• What you will do
A picture-free, exact transcript of the entries below is required.

(Saved entries)
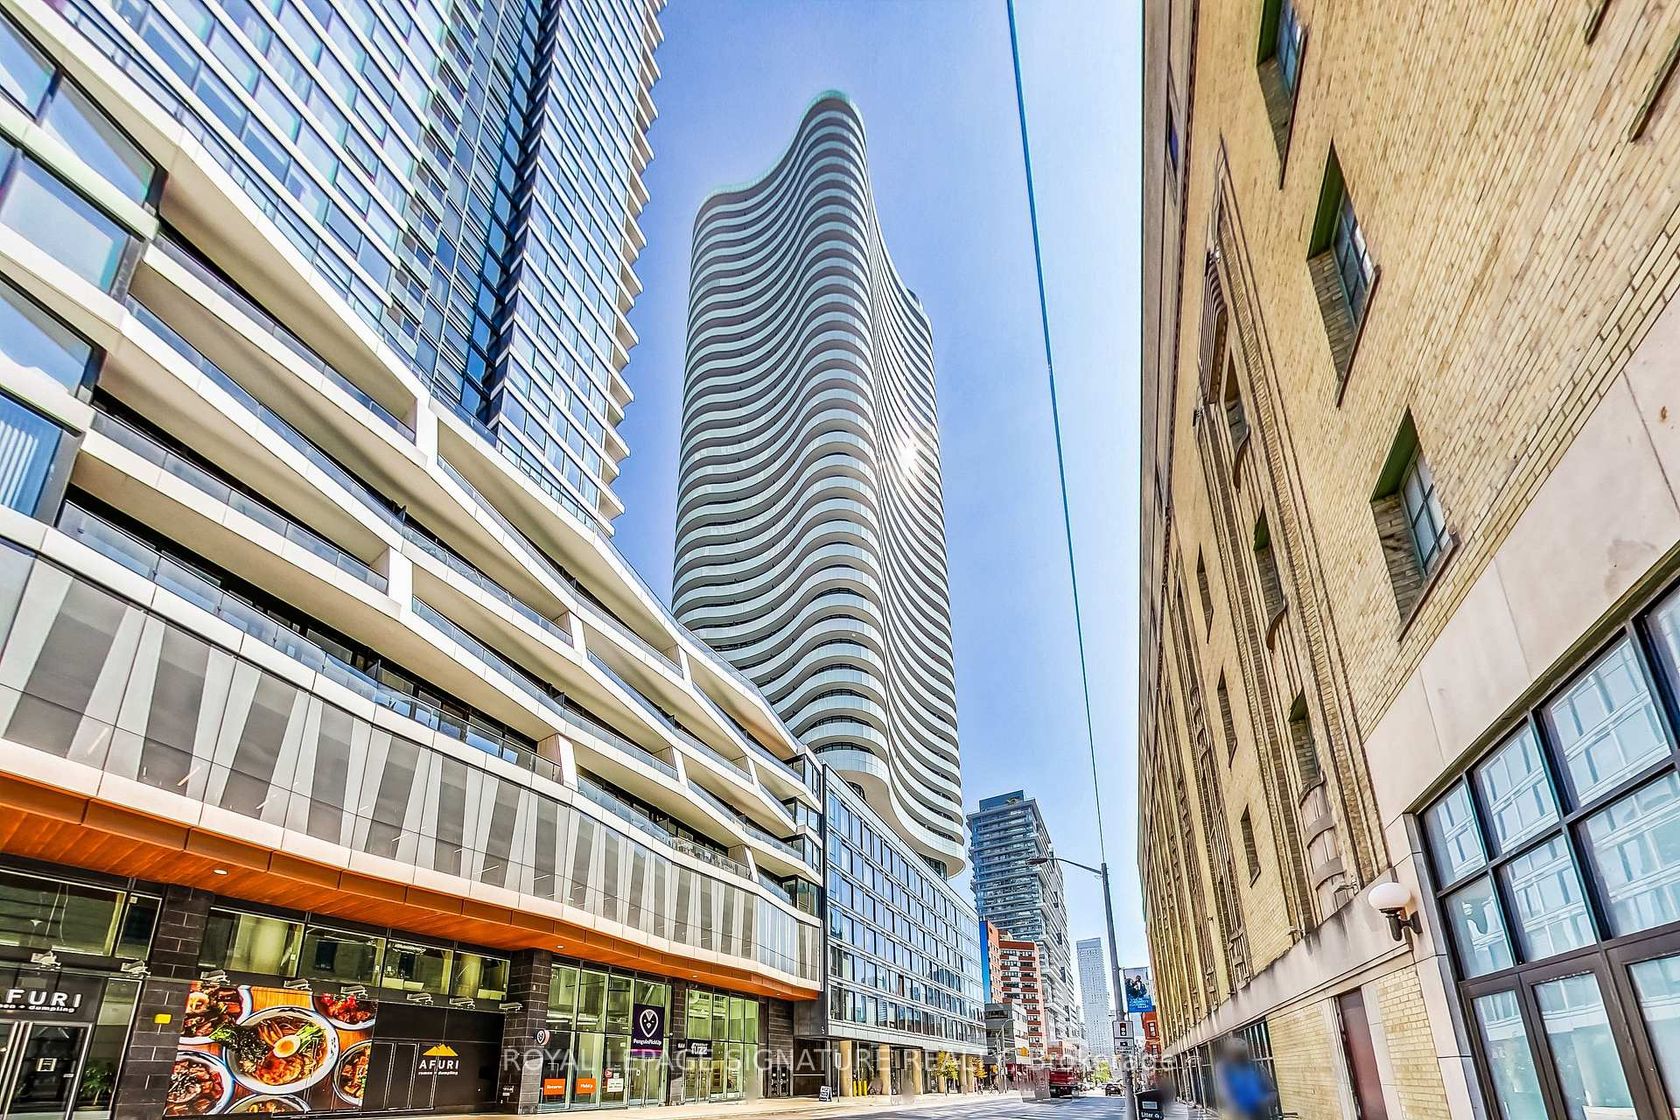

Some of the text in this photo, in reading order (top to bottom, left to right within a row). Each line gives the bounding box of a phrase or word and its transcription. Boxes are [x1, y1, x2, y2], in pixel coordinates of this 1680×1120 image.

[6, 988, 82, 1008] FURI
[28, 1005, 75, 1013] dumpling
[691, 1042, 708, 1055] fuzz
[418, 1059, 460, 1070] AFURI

• Response
Some of the text in this photo, in reading order (top to bottom, left to right within a row). Each line gives the bounding box of a phrase or word and its transcription. Boxes are [x1, y1, x2, y2], in pixel coordinates of this 1680×1120 image.

[6, 988, 82, 1008] FURI
[28, 1005, 75, 1013] dumpling
[691, 1042, 708, 1055] fuzz
[418, 1059, 460, 1070] AFURI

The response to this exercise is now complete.